** Provided data **

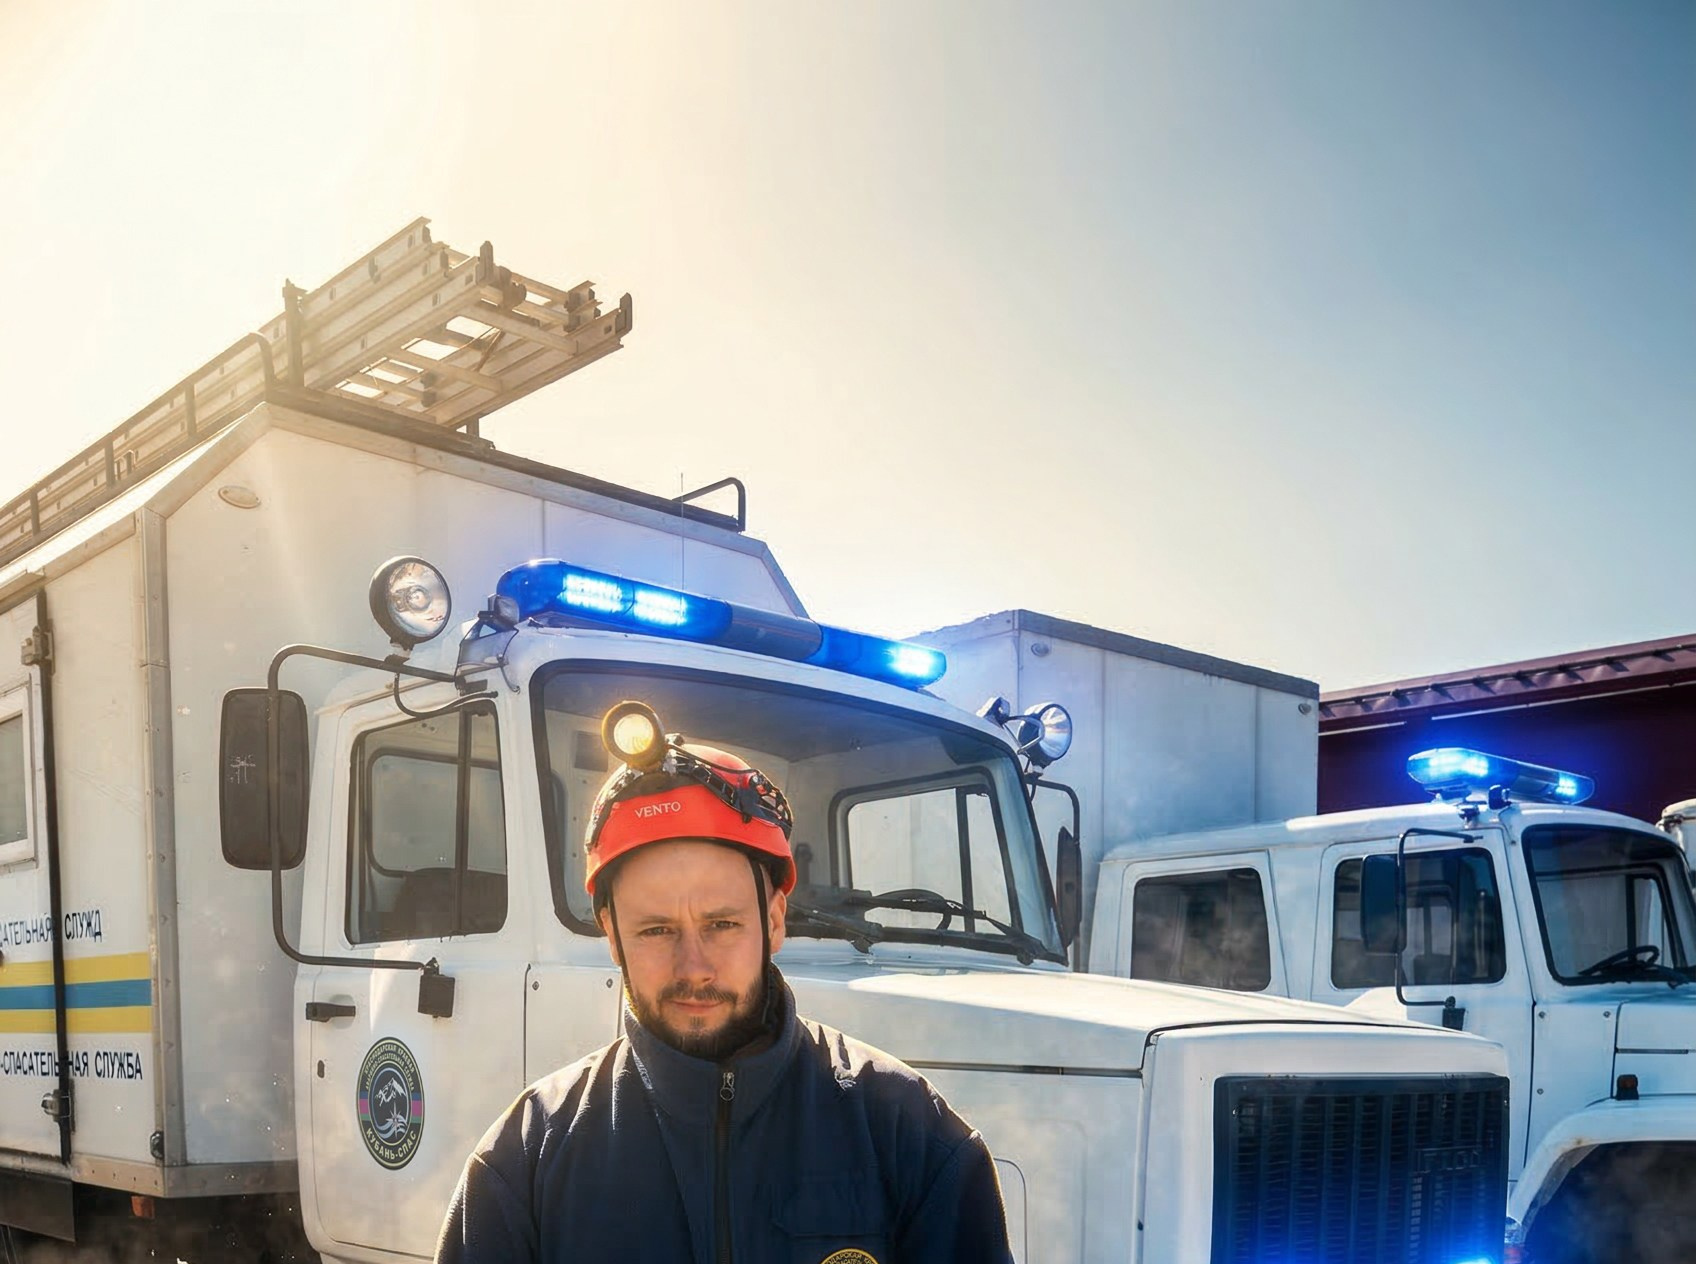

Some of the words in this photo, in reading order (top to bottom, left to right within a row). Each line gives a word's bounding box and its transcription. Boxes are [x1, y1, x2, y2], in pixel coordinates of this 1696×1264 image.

[634, 801, 682, 818] VENTO
[95, 1051, 143, 1080] СЛУЖБА
[366, 1129, 417, 1161] КУБАНЬ-СПАС
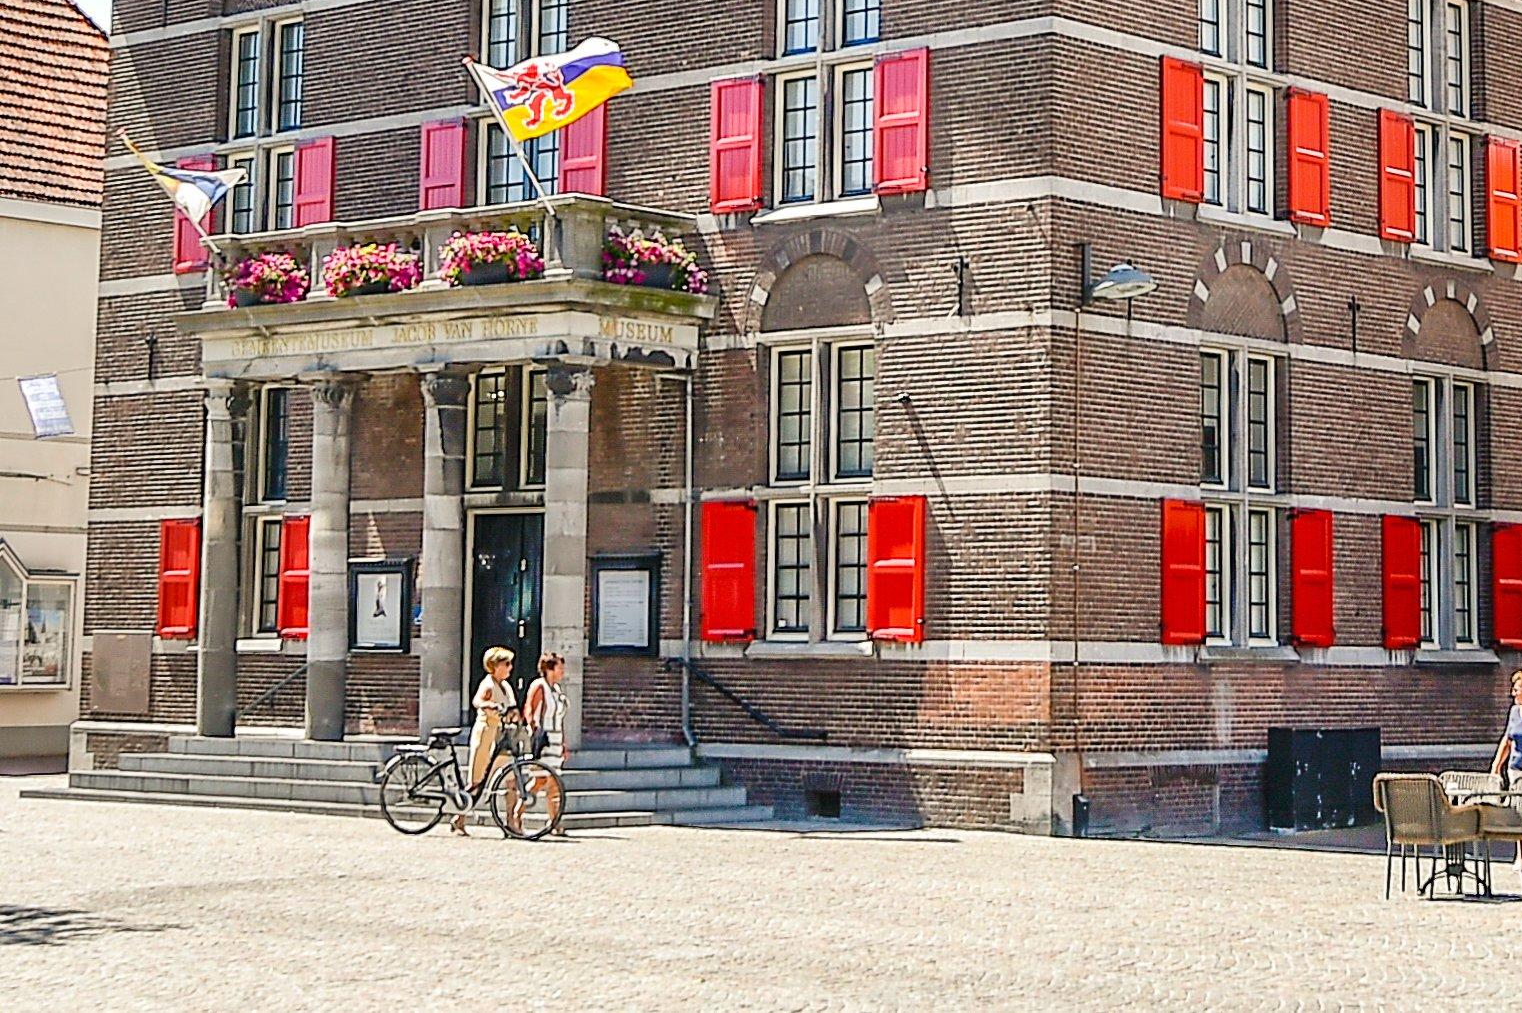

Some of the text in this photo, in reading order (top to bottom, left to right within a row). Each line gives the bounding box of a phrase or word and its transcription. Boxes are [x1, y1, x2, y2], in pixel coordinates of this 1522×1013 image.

[391, 322, 436, 343] JACOB
[443, 321, 473, 339] VAN
[600, 317, 673, 343] MUSEUM

** Required action **
Repeat the material exactly, without images.

** Answer section **
Some of the words in this photo, in reading order (top to bottom, left to right within a row). Each line gives a word's bounding box and its transcription. Boxes are [x1, y1, x2, y2], in pixel coordinates of this 1696×1264 image.

[634, 801, 682, 818] VENTO
[95, 1051, 143, 1080] СЛУЖБА
[366, 1129, 417, 1161] КУБАНЬ-СПАС

Some of the text in this photo, in reading order (top to bottom, left to right within a row). Each line gives the bounding box of a phrase or word and its transcription. Boxes are [x1, y1, x2, y2], in pixel coordinates of this 1522×1013 image.

[391, 322, 436, 343] JACOB
[443, 321, 473, 339] VAN
[600, 317, 673, 343] MUSEUM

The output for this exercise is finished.